Among the 30 Asian individuals studied, we discovered 251,573 putative CNV segments. For algorithmic training purposes, we then conducted aCGH experiments on DNA from a Korean male, AK1, for whom whole-genome sequencing data was already available at 27.8× coverage⁵, and DNA from a Korean female, AK2, whose genome we sequenced at 32.0× coverage (data not shown, see URLs). Because all aCGH experiments used NA10851 as a reference DNA source, we also sequenced this individual at 28.3× coverage (see URLs). Using read-depth information from AK1 and NA10851, we developed criteria to optimize the concordance between aCGH and the DNA sequencing information. We subsequently used this read-depth data to further test and validate our filtering criteria (Supplementary Tables 1 and 2 and Supplementary Fig. 2). The filtered data included a total of 21,905 CNV segments from 30 Asian individuals. We found that smaller CNVs (<5 kb) with low log2 ratio were for the most part removed based on our filtering criteria.

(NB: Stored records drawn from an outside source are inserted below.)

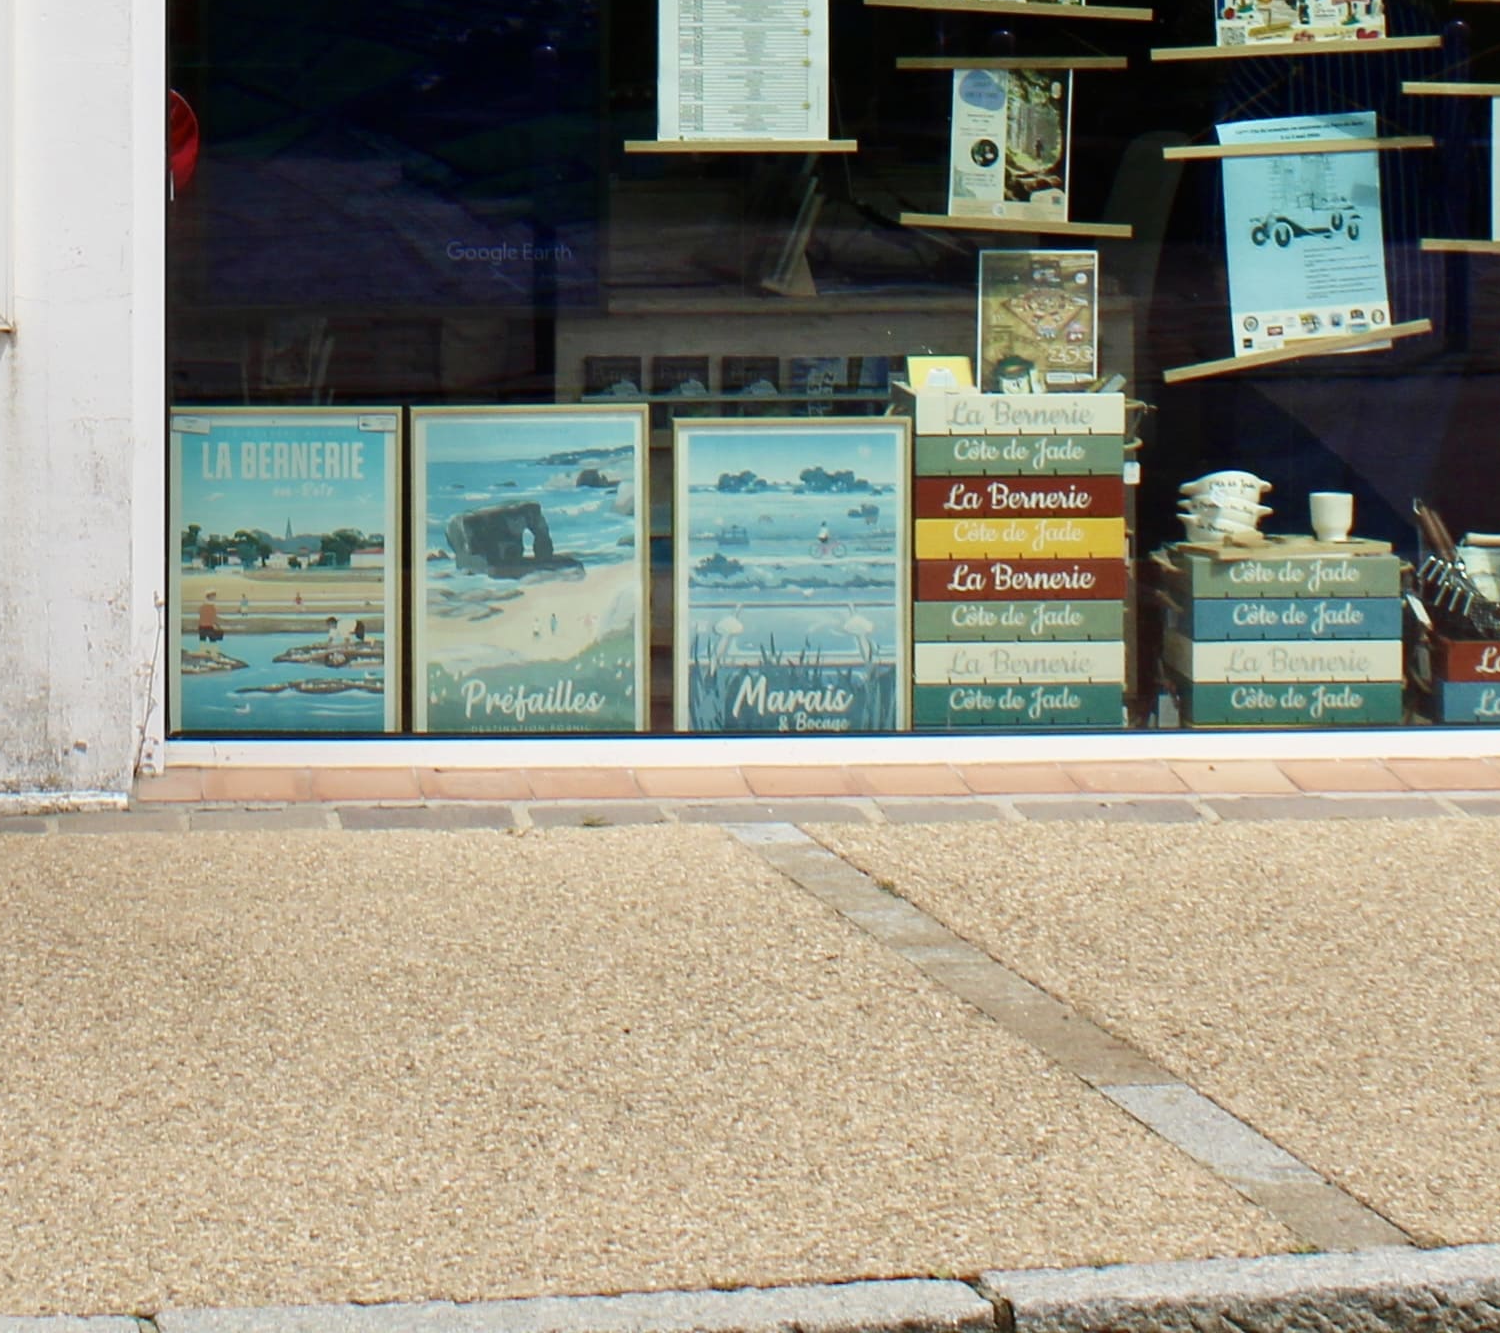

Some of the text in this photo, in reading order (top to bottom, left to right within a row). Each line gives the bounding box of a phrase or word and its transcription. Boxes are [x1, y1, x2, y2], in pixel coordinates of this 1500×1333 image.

[446, 240, 572, 266] Google Earth
[947, 399, 1094, 427] La Bernerie
[201, 441, 365, 480] LA BERNERIE
[954, 437, 1086, 470] Côte de Jade
[943, 481, 1091, 510] La Bernerie
[953, 519, 1084, 552] Côte de Jade
[947, 563, 1096, 592] La Bernerie
[1230, 559, 1360, 592] Côte de Jade
[951, 604, 1083, 637] Côte de Jade
[1232, 602, 1364, 636] Côte de Jade
[946, 648, 1094, 676] La Bernerie
[1224, 647, 1370, 674] La Bernerie
[461, 678, 606, 722] Préfailles
[732, 674, 854, 718] Marais
[949, 685, 1080, 719] Côte de Jade
[1230, 686, 1363, 719] Côte de Jade
[778, 715, 789, 732] &
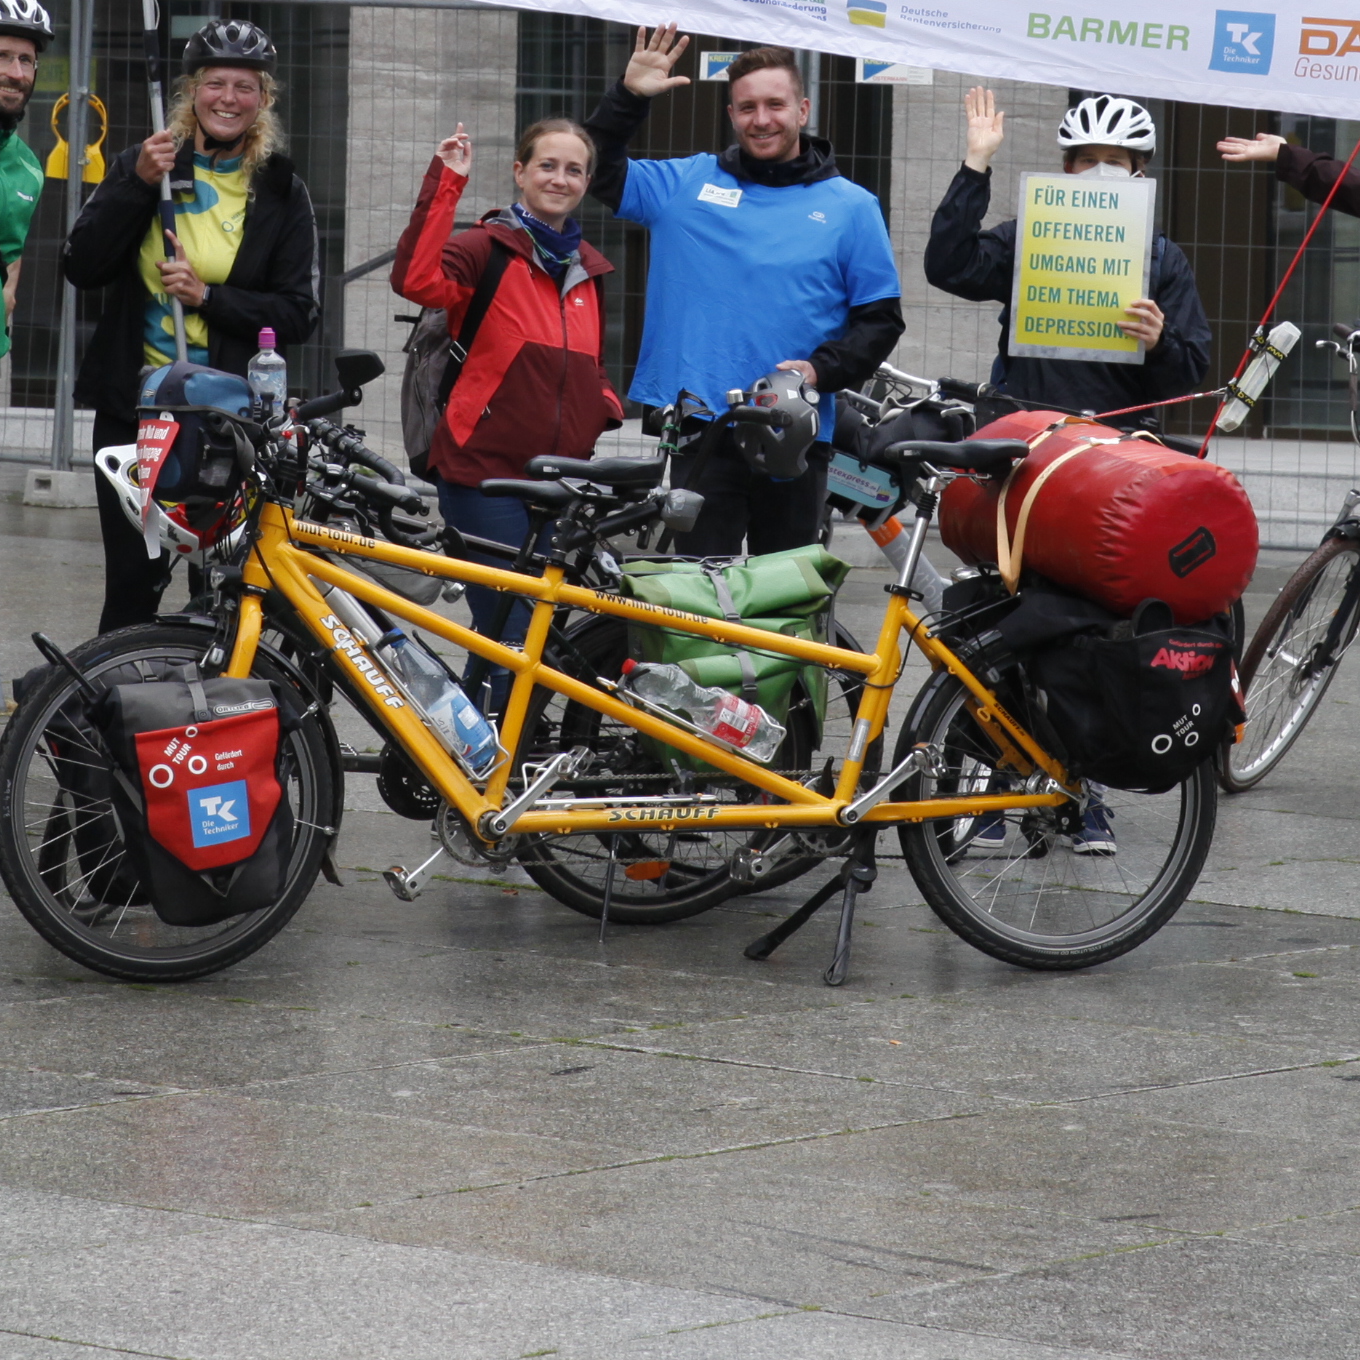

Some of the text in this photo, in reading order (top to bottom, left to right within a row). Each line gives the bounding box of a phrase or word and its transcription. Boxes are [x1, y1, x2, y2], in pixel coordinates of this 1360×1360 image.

[900, 5, 949, 18] Deutsche
[900, 14, 1001, 33] Rentenversicherung
[1027, 12, 1190, 51] BARMER
[1226, 23, 1263, 55] TK
[1223, 46, 1236, 56] Die
[1223, 54, 1260, 65] Techniker
[1034, 185, 1119, 210] FÜR EINEN
[1032, 221, 1126, 243] OFFENEREN
[1030, 253, 1131, 276] UMGANG MIT
[1027, 285, 1119, 308] DEM THEMA
[297, 520, 375, 549] mut-tour.de
[595, 591, 709, 624] www.mut-tour.de
[320, 614, 405, 709] SCHAUFF
[1150, 647, 1216, 672] Aktion
[1172, 714, 1189, 730] MUT
[1175, 720, 1195, 738] TOUR
[164, 737, 180, 757] MUT
[172, 743, 192, 764] TOUR
[215, 749, 243, 761] Gefördert
[217, 762, 234, 771] durch
[200, 796, 238, 821] TK
[608, 808, 720, 822] SCHAUFF
[203, 823, 239, 835] Techniker
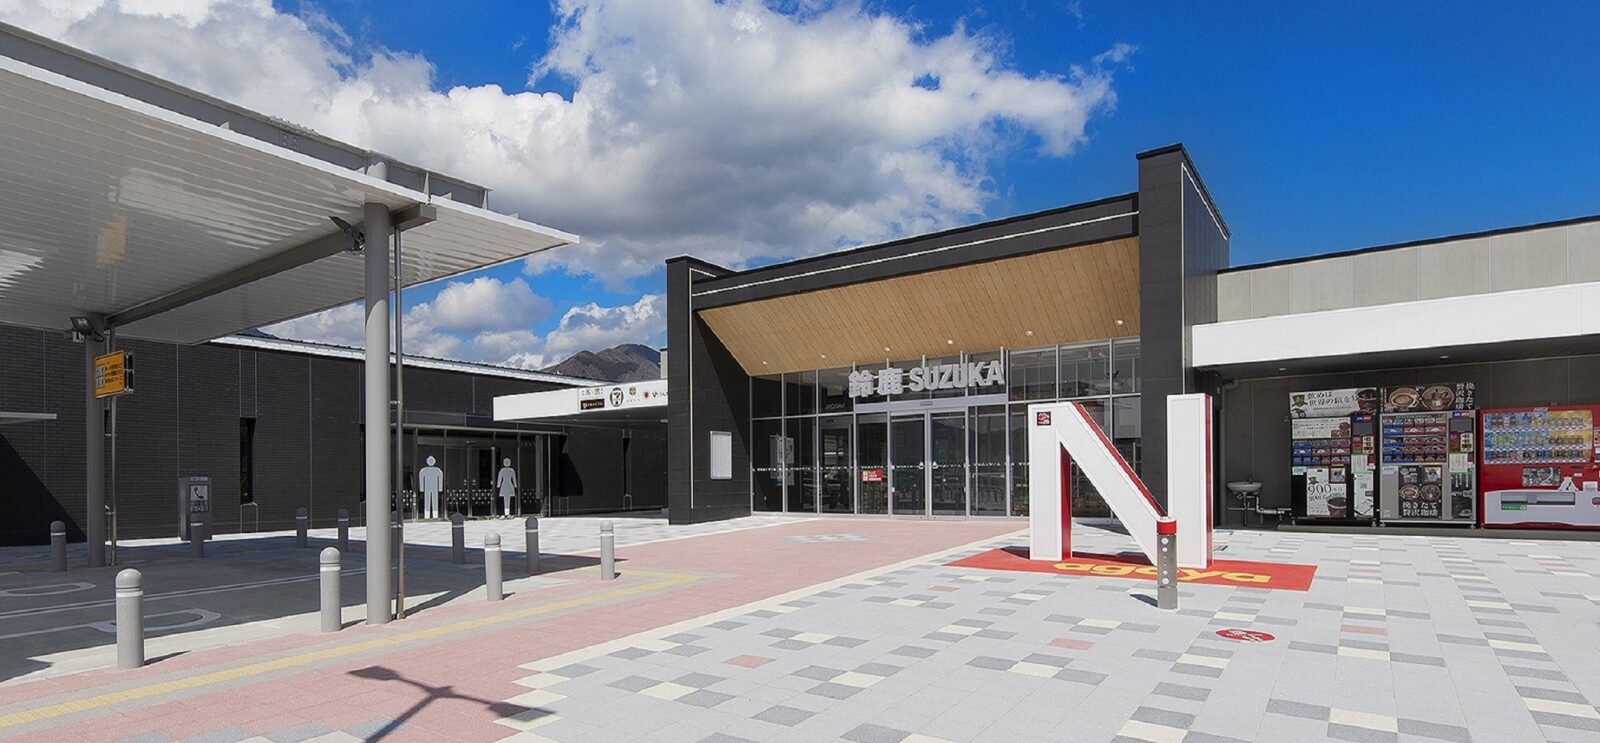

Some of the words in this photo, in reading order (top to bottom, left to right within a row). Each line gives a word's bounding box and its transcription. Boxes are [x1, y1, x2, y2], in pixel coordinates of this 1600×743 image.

[849, 369, 903, 397] 鈴鹿
[909, 360, 1006, 392] SUZUKA
[1028, 393, 1213, 568] N
[1308, 484, 1331, 495] 900
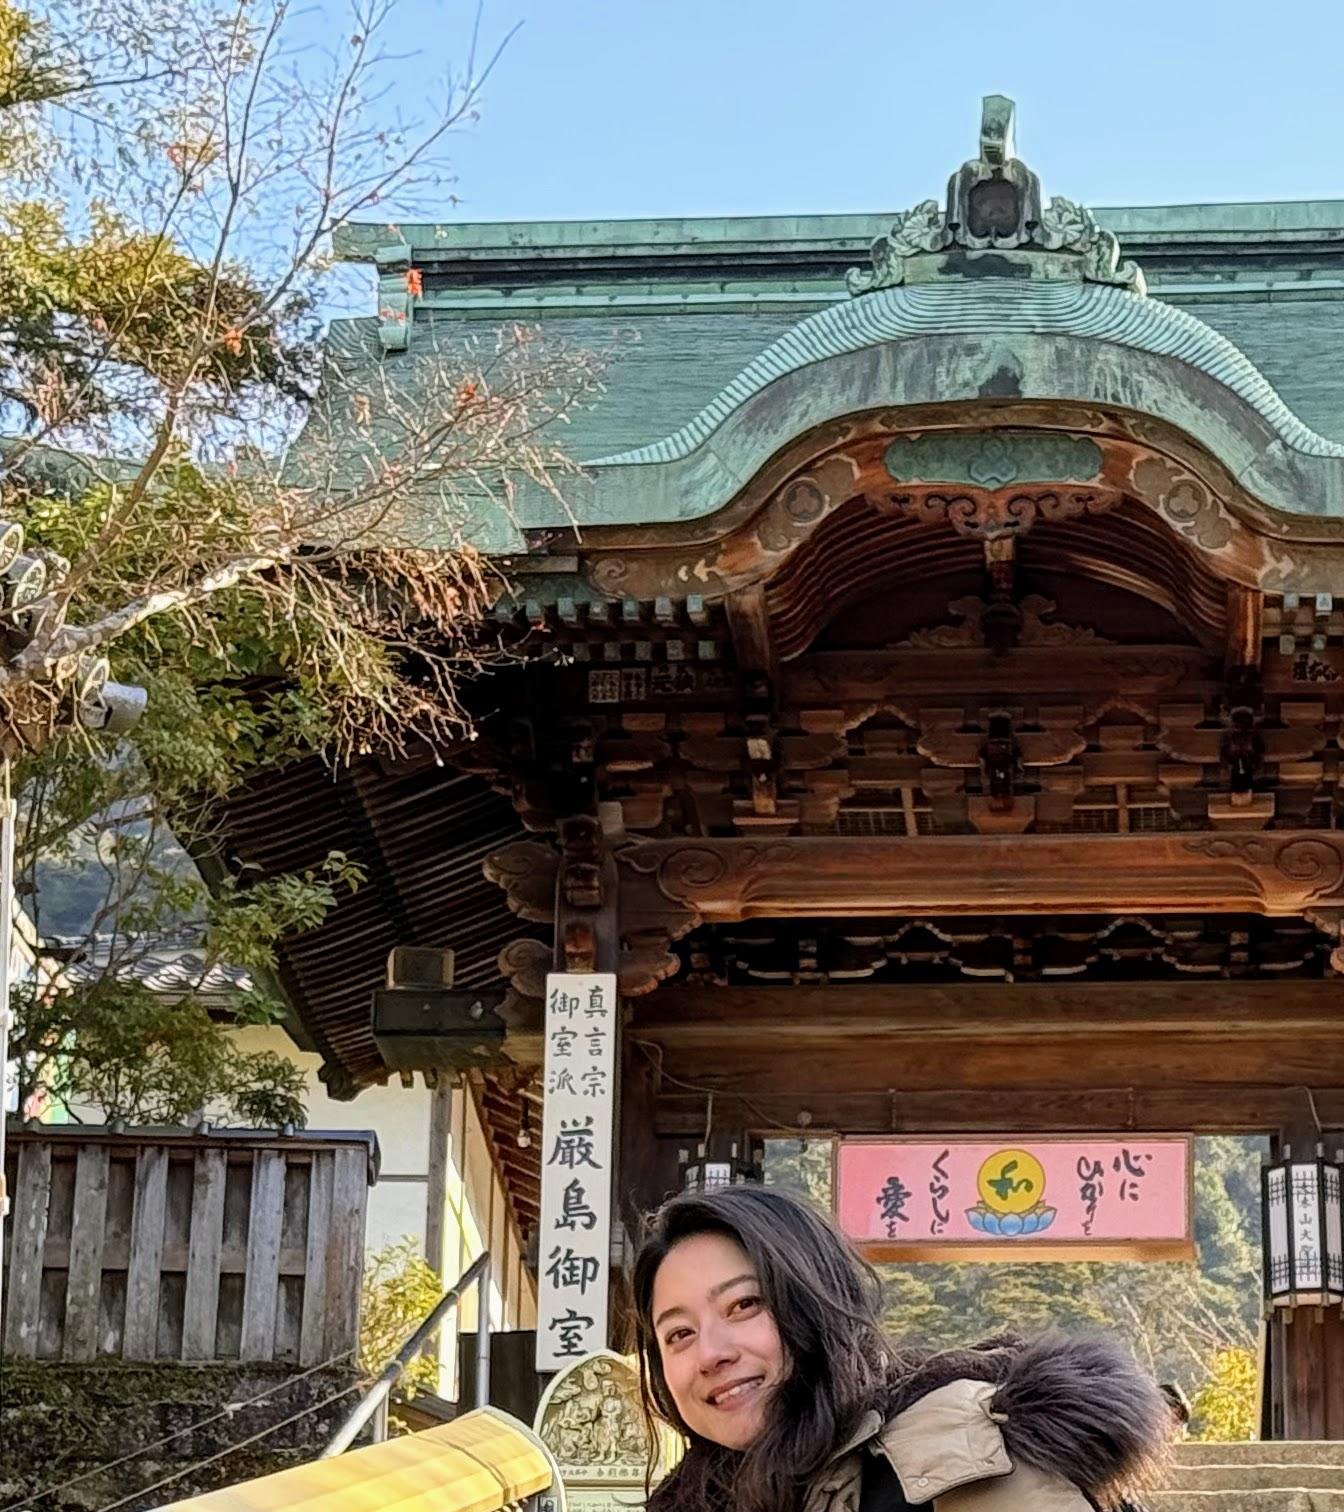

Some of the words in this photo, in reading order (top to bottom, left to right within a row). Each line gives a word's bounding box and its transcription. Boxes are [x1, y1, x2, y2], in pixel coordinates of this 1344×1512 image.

Comparison of the aCGH results from the DNA of AK1 and AK2 with the read-depth information from whole-genome sequencing data on the same individuals suggested that approximately half of the CNV segments that were identified in AK1 and AK2 (as having relative genomic gains and losses by array CGH) actually had a copy number state of 2 in these individuals and a copy number state of <2 or >2 in the reference individual, NA10851 (Fig. 2a and Supplementary Figs. 3 and 4). The read-depth sequence information from NA10851 revealed that 10,980 out of the filtered 21,905 CNV segments might have been erroneously called because the control sample from NA10851 had copy number values not equal to 2 in these genomic regions (Fig. 2b and Supplementary Note). Out of the 10,980 'obscure' CNV segments, in which NA10851 had copy number other than 2, 4,970 were determined to have a diploid copy number of two in the test individual (NA10851) after we converted them to absolute copy number states and removed them (Supplementary Fig. 4c–e). The remaining 6,010 CNV segments were found to have different copy number states from that predicted by aCGH (Fig. 2a). We also identified an additional 3,164 covert CNV segments that were initially missed by the aCGH experiments owing to their having identical copy numbers both in the test sample and NA10851(Supplementary Fig. 4f–i). By this method, we obtained absolute copy number states for a total of 20,099 CNV segments (Supplementary Table 3), in which 9,174 (3,164 from covert calls and 6,010 from obscure calls) were corrected by the read-depth sequence information for NA10851 (Fig. 2b).

**Figure 2: Original approach for calling absolute copy number status.**

This correction also changed the ratio of total count of copy number losses and gains, with 72.6% of all variants actually having a copy number of <2 per diploid cell (copy number loss), as compared to 44.4% before correction (Fig. 3a,b and Supplementary Fig. 5). This corrected ratio is more compatible with a recent report by Conrad et al.², in which researchers obtained absolute copy number states by clustering aCGH data from 450 samples. The average lengths of CNV segments with copy number losses and gains were 11.8 kb and 30.3 kb, respectively (Fig. 3b). In genic regions, copy number gains were more frequently recorded than copy number losses, which may be due to the fact that in these regions copy number gains are less likely to be deleterious and therefore less likely to incur a penalty in evolutionary selection⁶.

**Figure 3: Frequency of copy number gains and losses among 33 individuals.**

There were 20,099 CNV segments ultimately identified in this study. On the average, 670 CNV segments were found in each Asian individual studied, which covered 11.31 Mb of the total DNA sequence and involved 389 RefSeq genes per person (Supplementary Table 4). We randomly selected 116 CNV elements and performed 1,881 quantitative PCR (qPCR) experiments on them. A total of 1,717 of the qPCR experiments were correlated with our aCGH data, resulting in a predictive value of 91% (Supplementary Tables 5 and 6).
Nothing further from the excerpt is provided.